ACTIVITY: Lines before the one containing "this 1428×1428 image." are left out; that line and every line after it, through the end of the records, are to be reproduced exactly.

EXERCISE MATERIALS:
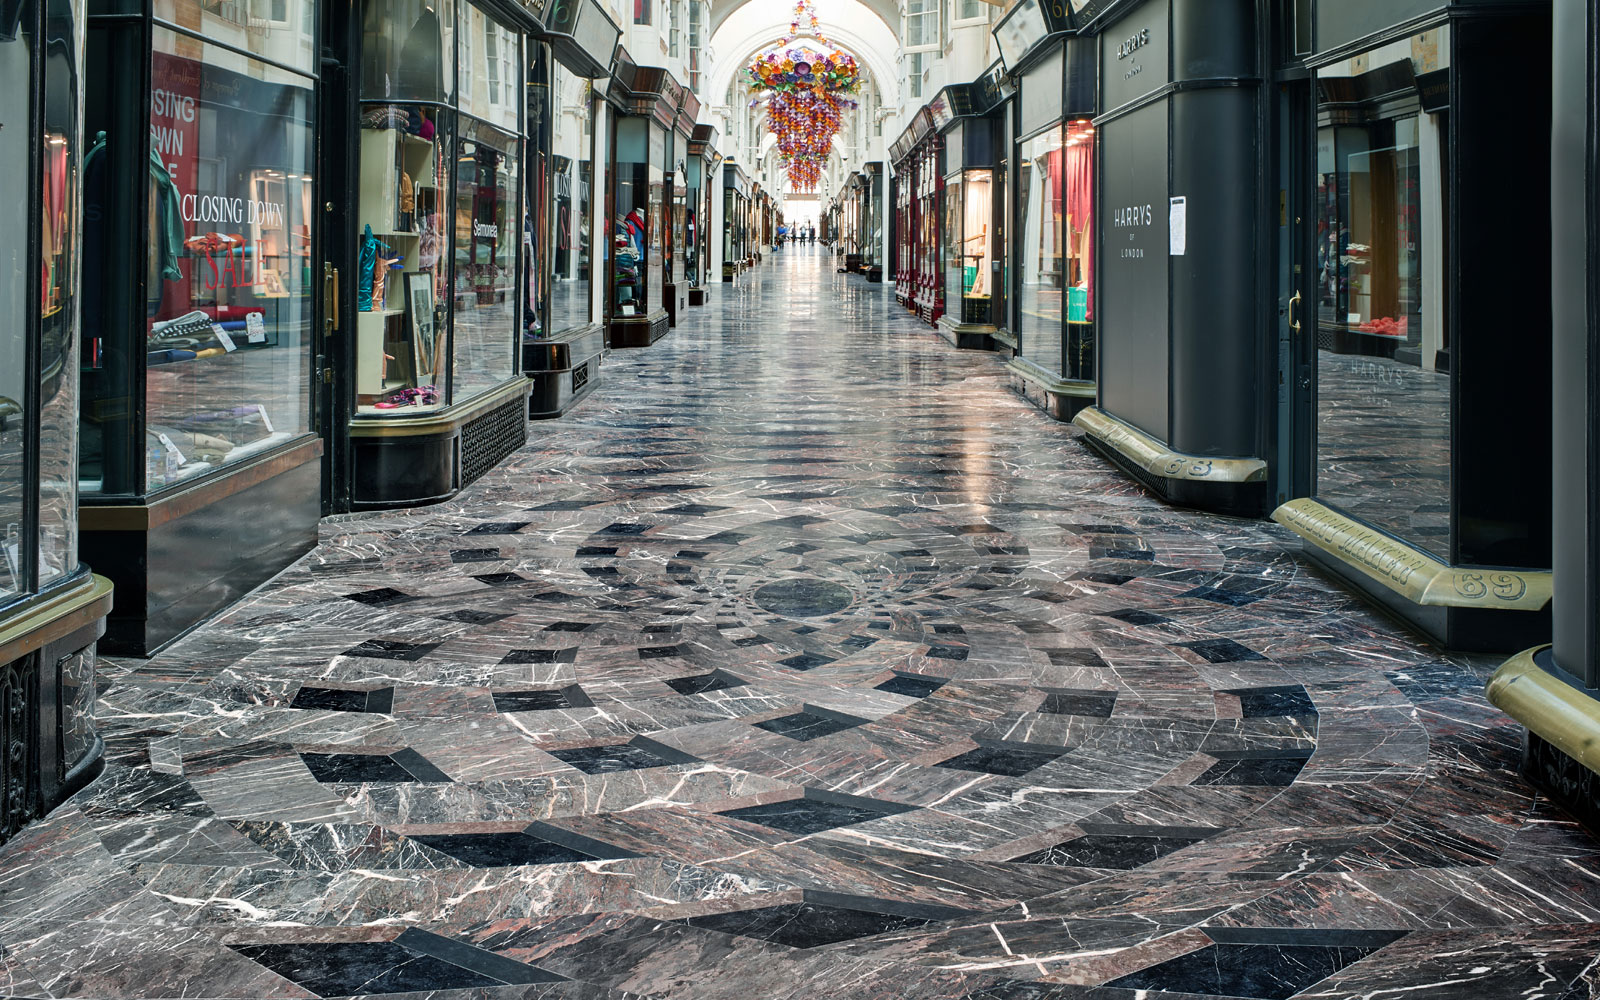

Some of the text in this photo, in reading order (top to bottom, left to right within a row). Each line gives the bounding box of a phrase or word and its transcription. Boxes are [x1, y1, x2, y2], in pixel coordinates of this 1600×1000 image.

[1117, 28, 1149, 60] HARRYS
[152, 88, 195, 123] SING
[182, 194, 284, 227] CLOSING DOWN
[1114, 204, 1152, 227] HARRYS
[560, 205, 584, 250] SALE
[205, 239, 268, 291] SALE
[1121, 248, 1144, 258] LONDON
[1351, 360, 1403, 385] HARRYS
[1164, 457, 1212, 477] 68
[1453, 573, 1527, 601] 69
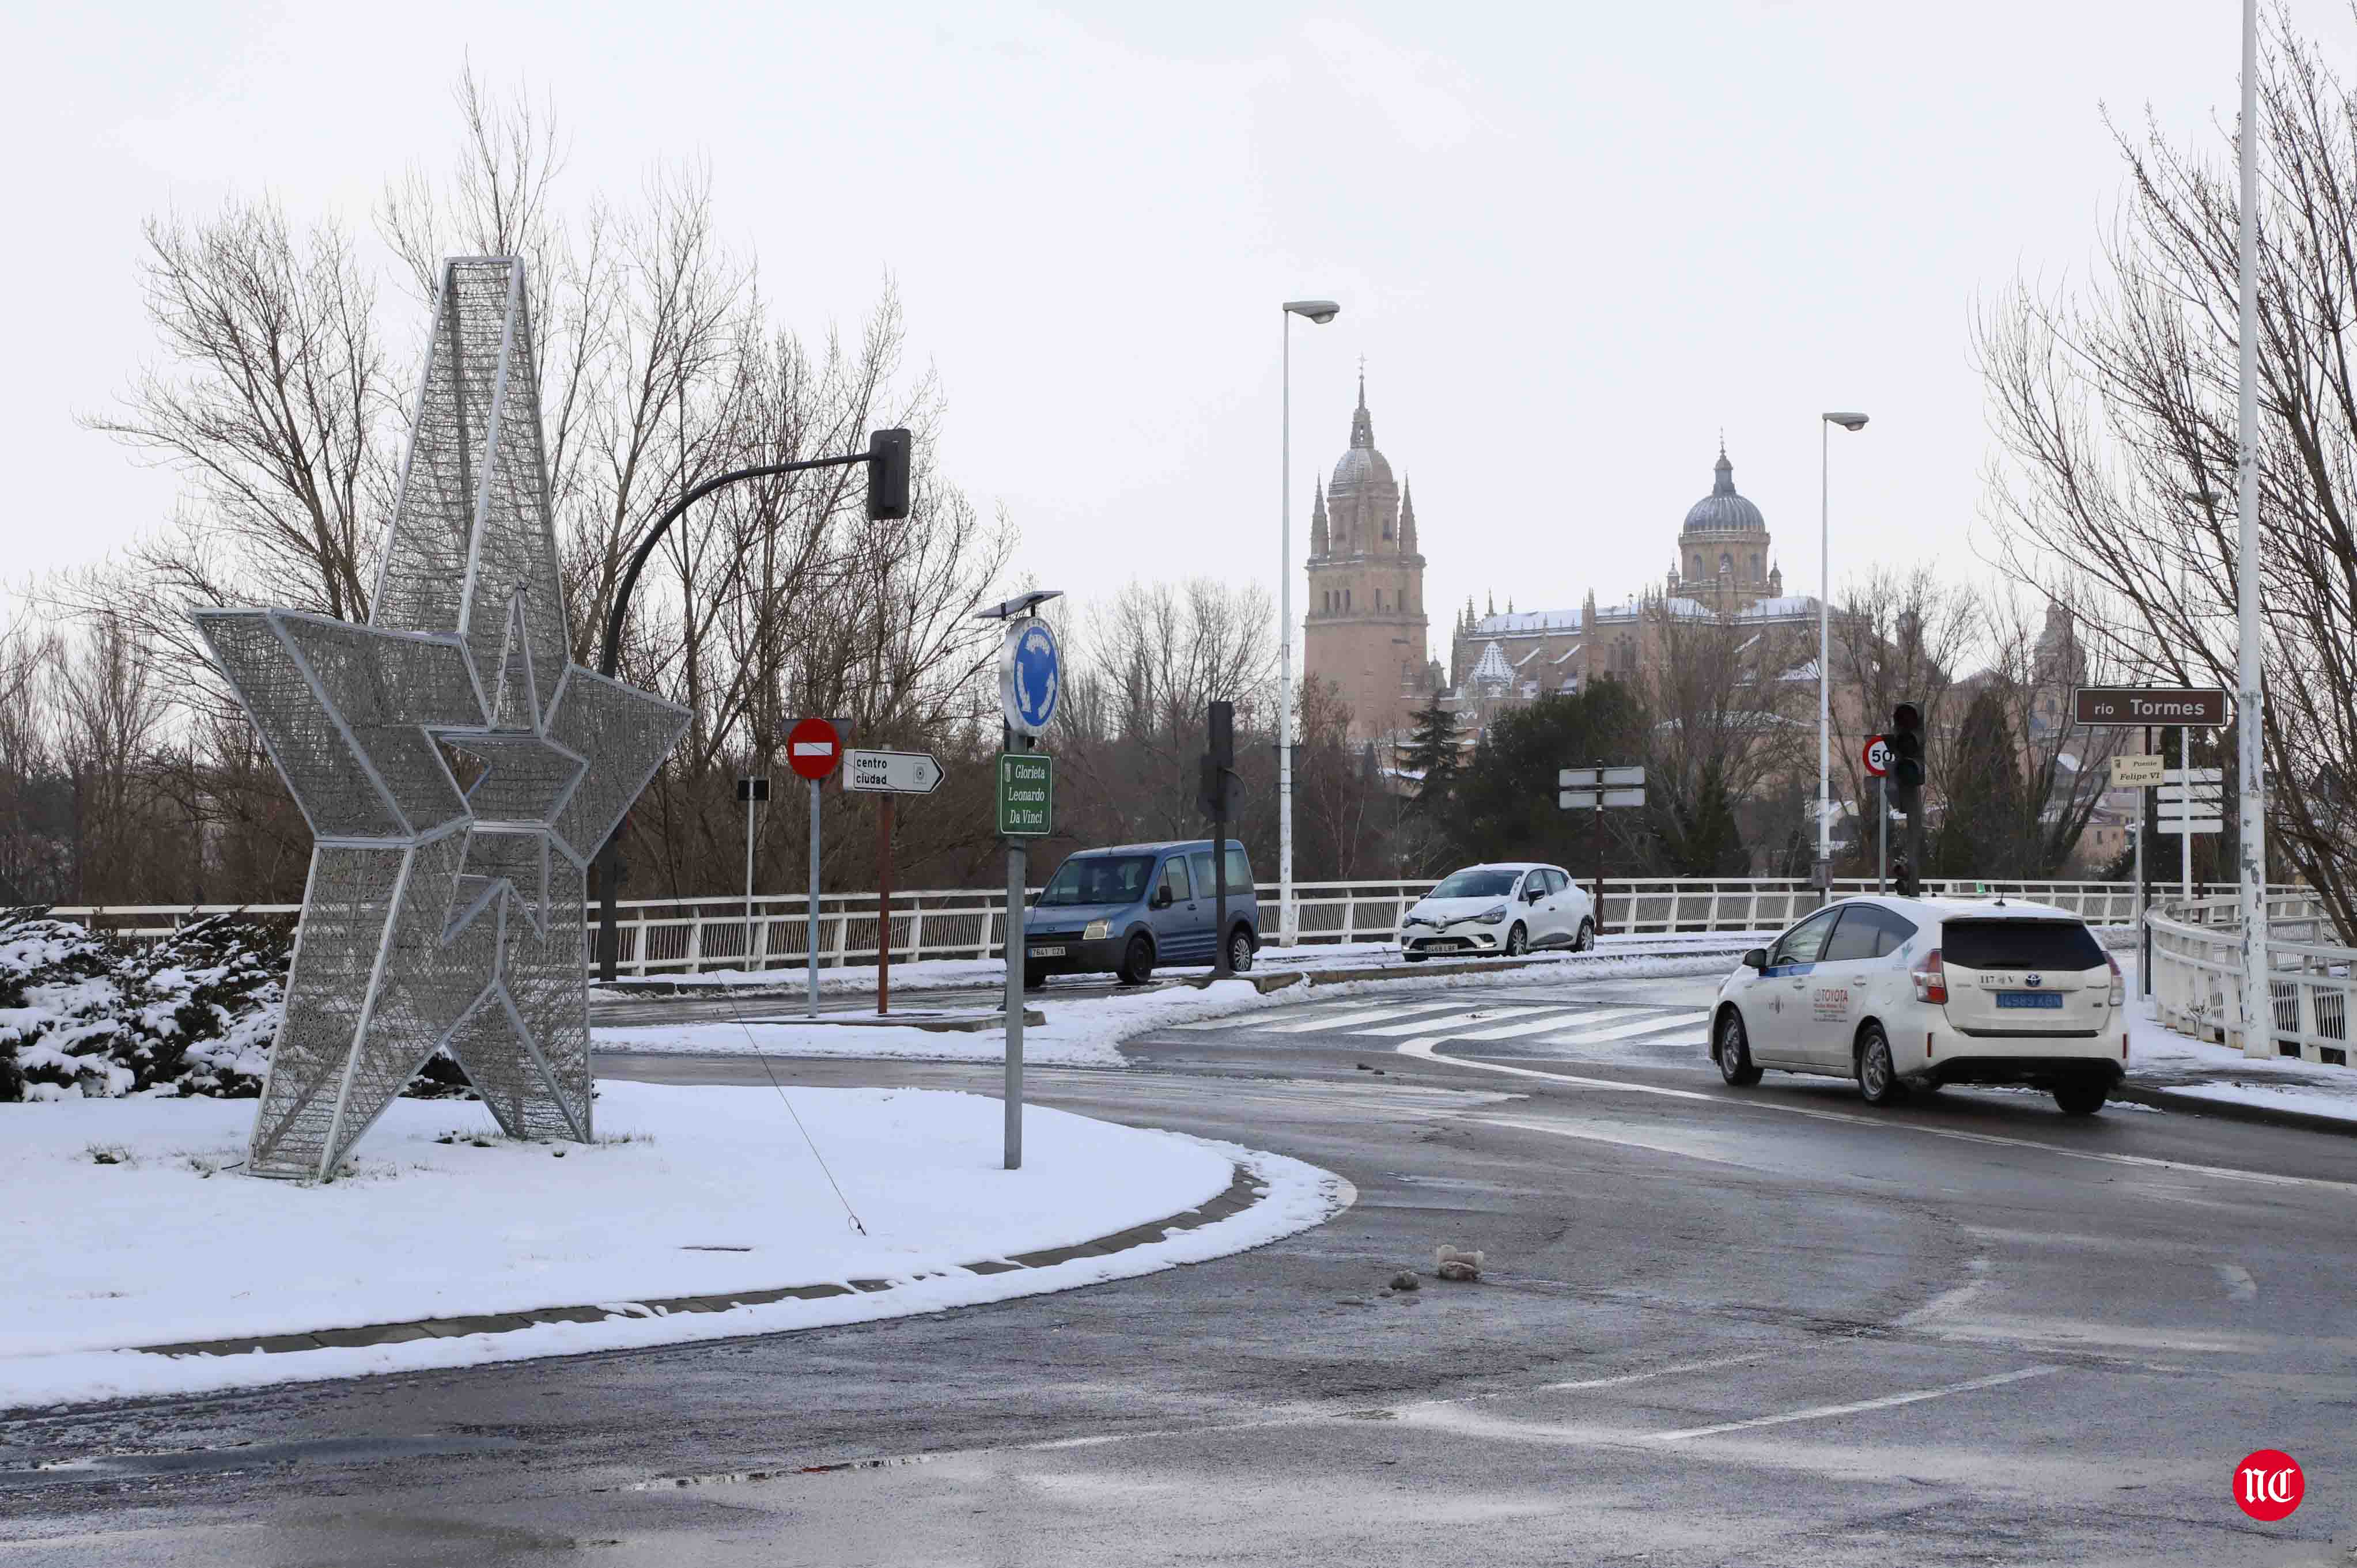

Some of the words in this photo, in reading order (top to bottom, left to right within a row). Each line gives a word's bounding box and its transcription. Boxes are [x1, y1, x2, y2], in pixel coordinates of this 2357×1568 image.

[2130, 699, 2205, 715] Tormes
[1872, 749, 1893, 762] 50
[856, 758, 887, 769] centro
[1015, 764, 1046, 779] Glorieta
[2120, 772, 2148, 781] Felipe
[2149, 771, 2161, 779] VI
[856, 773, 887, 785] ciudad
[1008, 786, 1045, 802] Leonardo
[1009, 809, 1020, 824] Da
[1023, 809, 1043, 824] Vinci
[1821, 988, 1848, 1002] TOYOTA
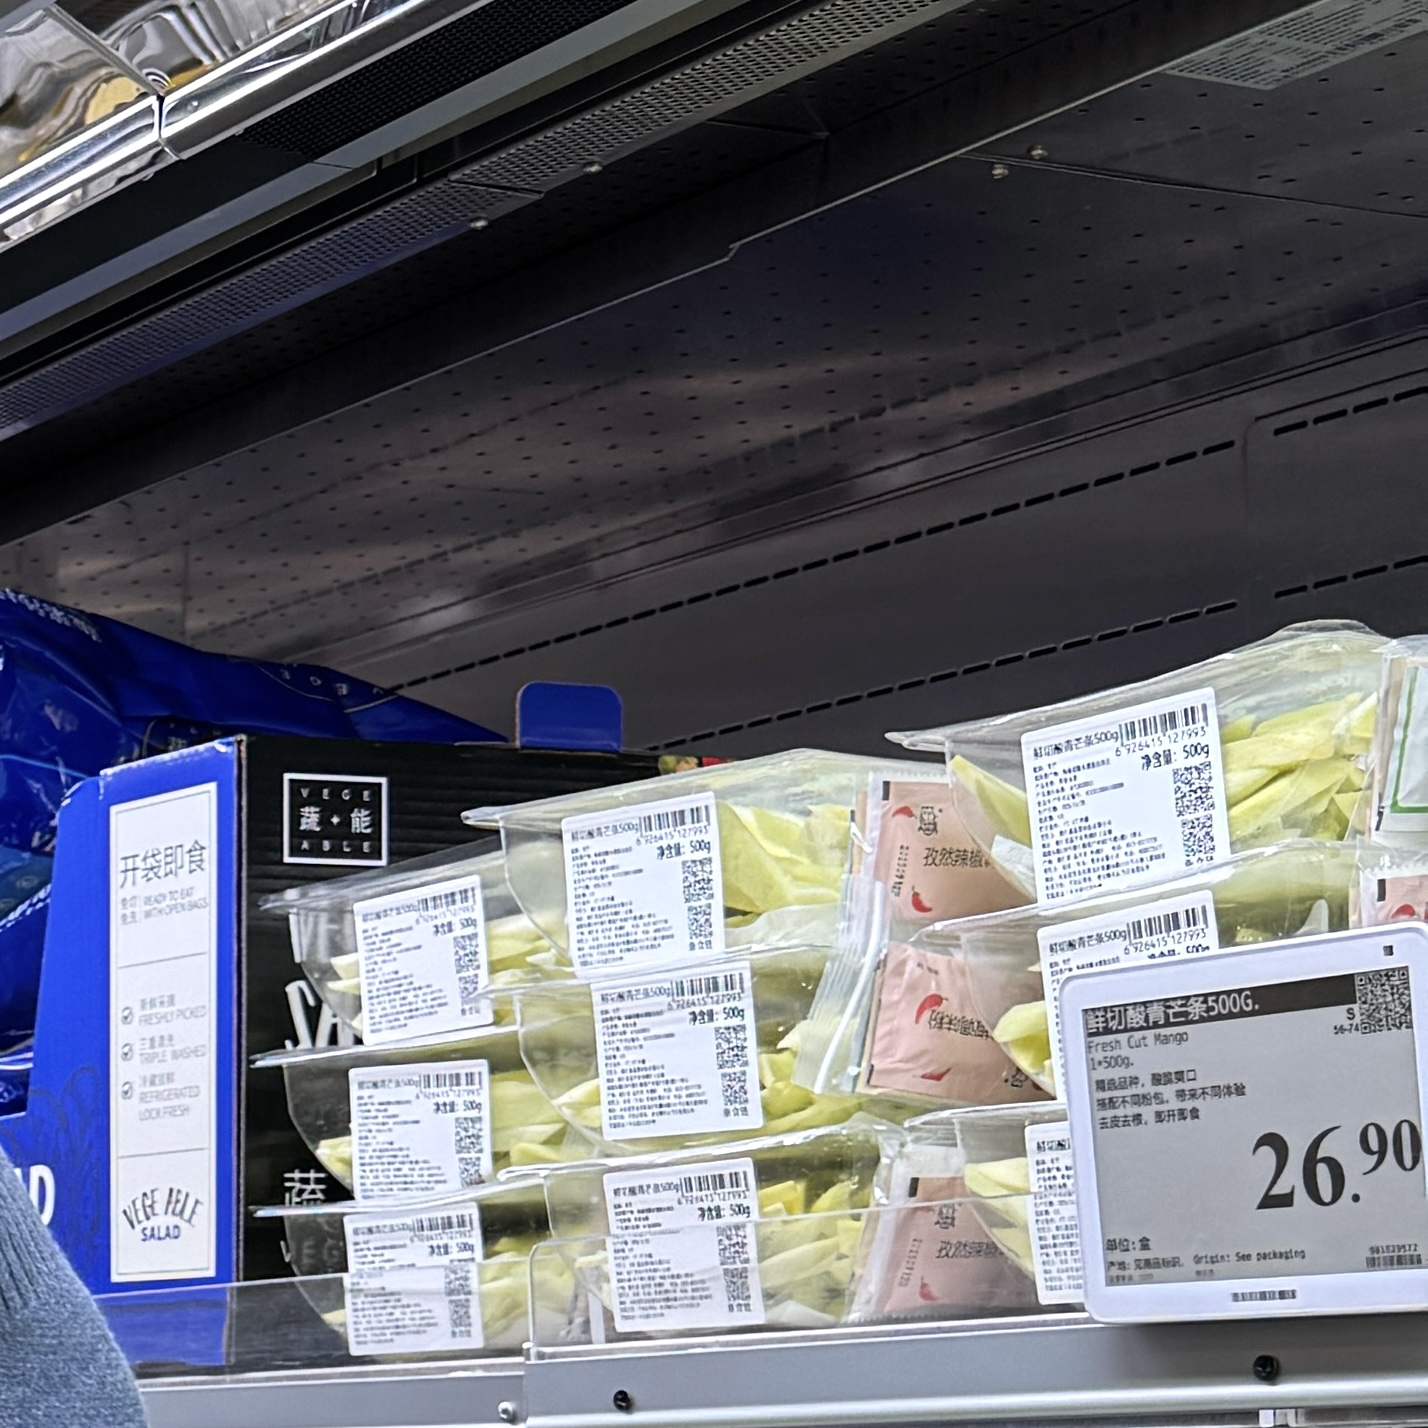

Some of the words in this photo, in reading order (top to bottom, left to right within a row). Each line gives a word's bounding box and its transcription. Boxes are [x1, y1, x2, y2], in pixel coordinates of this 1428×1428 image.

[1141, 749, 1177, 771] 净含量:
[1182, 743, 1210, 759] 500g
[690, 840, 711, 854] 500g
[119, 839, 206, 889] 开袋即食
[723, 1006, 745, 1021] 500g
[1088, 1039, 1122, 1055] Fresh
[1127, 1034, 1149, 1049] Cut
[1154, 1030, 1189, 1047] Mango
[462, 1100, 482, 1115] 500g
[729, 1203, 751, 1218] 500g
[141, 1224, 181, 1242] SALAD

REPLY TO THE TASK:
Some of the words in this photo, in reading order (top to bottom, left to right within a row). Each line gives a word's bounding box and its transcription. Boxes are [x1, y1, x2, y2], in pixel coordinates of this 1428×1428 image.

[1141, 749, 1177, 771] 净含量:
[1182, 743, 1210, 759] 500g
[690, 840, 711, 854] 500g
[119, 839, 206, 889] 开袋即食
[723, 1006, 745, 1021] 500g
[1088, 1039, 1122, 1055] Fresh
[1127, 1034, 1149, 1049] Cut
[1154, 1030, 1189, 1047] Mango
[462, 1100, 482, 1115] 500g
[729, 1203, 751, 1218] 500g
[141, 1224, 181, 1242] SALAD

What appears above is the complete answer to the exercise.